Task requirements: Strip out the pictures and transcribe the records that follow exactly.

== Material provided ==

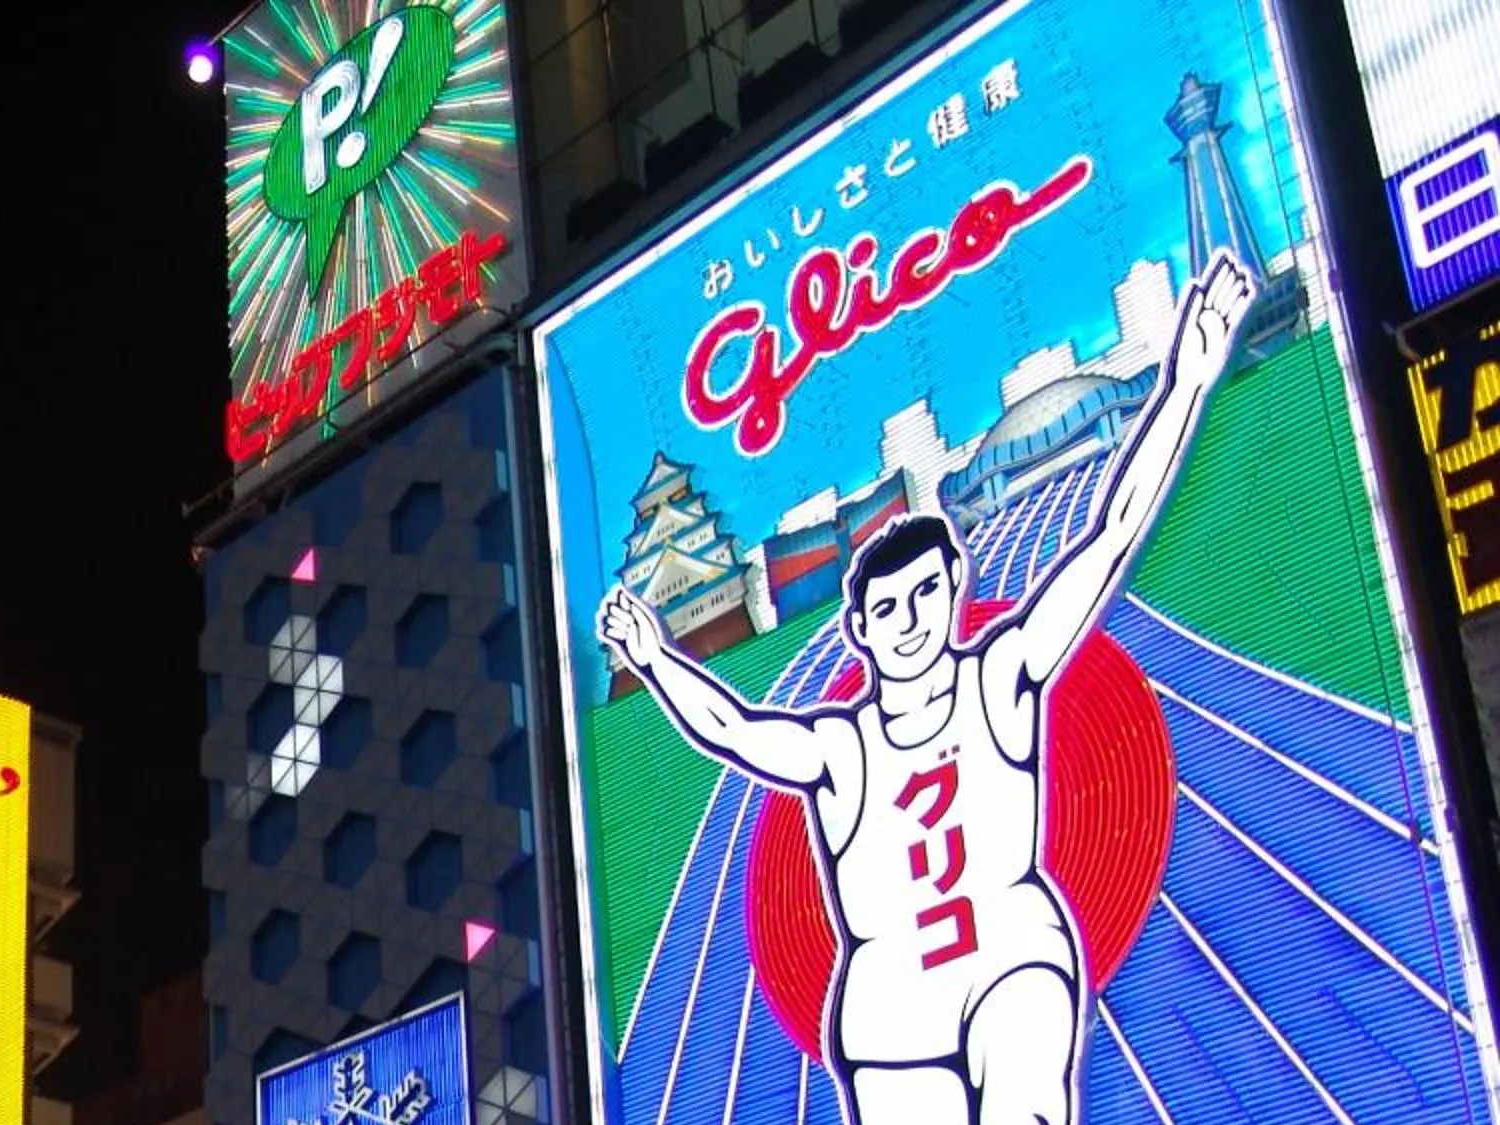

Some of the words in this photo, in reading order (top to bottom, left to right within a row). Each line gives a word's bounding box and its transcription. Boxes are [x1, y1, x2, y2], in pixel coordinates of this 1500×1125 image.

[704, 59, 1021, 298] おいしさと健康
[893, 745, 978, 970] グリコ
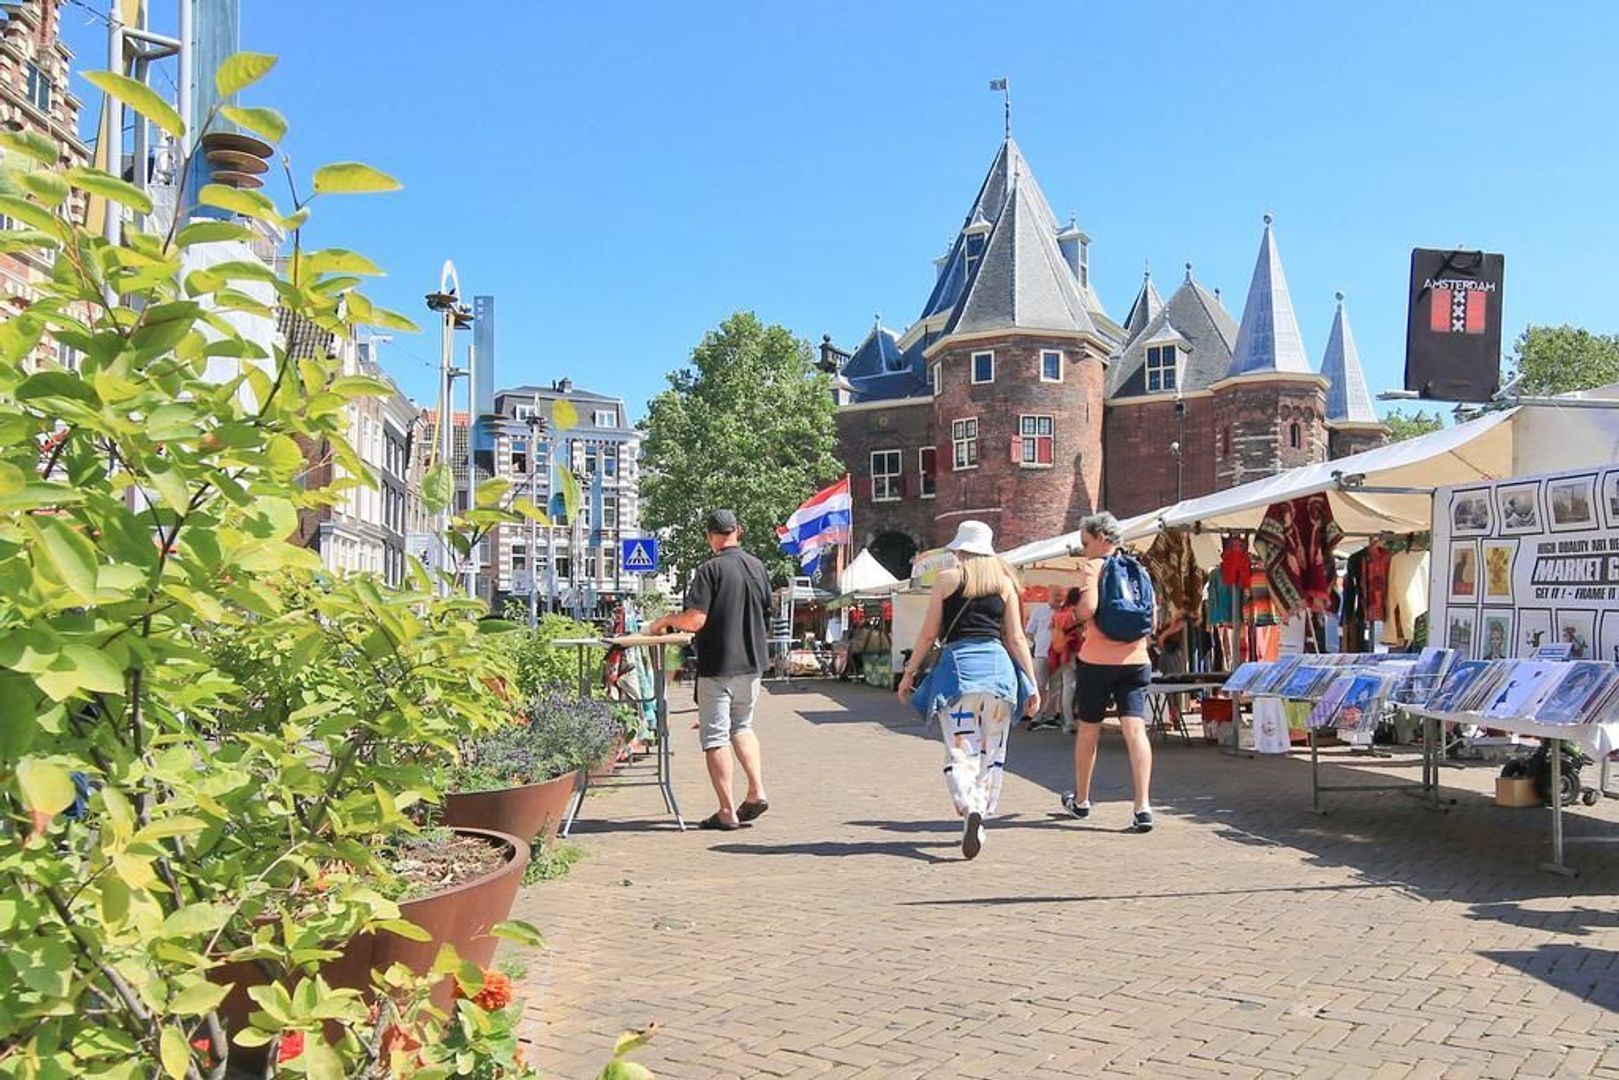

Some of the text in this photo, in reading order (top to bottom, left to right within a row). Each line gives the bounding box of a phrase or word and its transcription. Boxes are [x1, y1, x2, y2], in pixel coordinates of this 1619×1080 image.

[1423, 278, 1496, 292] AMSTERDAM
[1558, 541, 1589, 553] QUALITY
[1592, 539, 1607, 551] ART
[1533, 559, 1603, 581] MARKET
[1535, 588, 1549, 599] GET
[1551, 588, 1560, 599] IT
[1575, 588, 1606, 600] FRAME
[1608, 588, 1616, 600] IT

===

Response to the task:
Some of the words in this photo, in reading order (top to bottom, left to right within a row). Each line gives a word's bounding box and its transcription. Boxes are [x1, y1, x2, y2], in pixel coordinates of this 1500×1125 image.

[704, 59, 1021, 298] おいしさと健康
[893, 745, 978, 970] グリコ

Some of the text in this photo, in reading order (top to bottom, left to right within a row). Each line gives the bounding box of a phrase or word and its transcription. Boxes are [x1, y1, x2, y2], in pixel coordinates of this 1619×1080 image.

[1423, 278, 1496, 292] AMSTERDAM
[1558, 541, 1589, 553] QUALITY
[1592, 539, 1607, 551] ART
[1533, 559, 1603, 581] MARKET
[1535, 588, 1549, 599] GET
[1551, 588, 1560, 599] IT
[1575, 588, 1606, 600] FRAME
[1608, 588, 1616, 600] IT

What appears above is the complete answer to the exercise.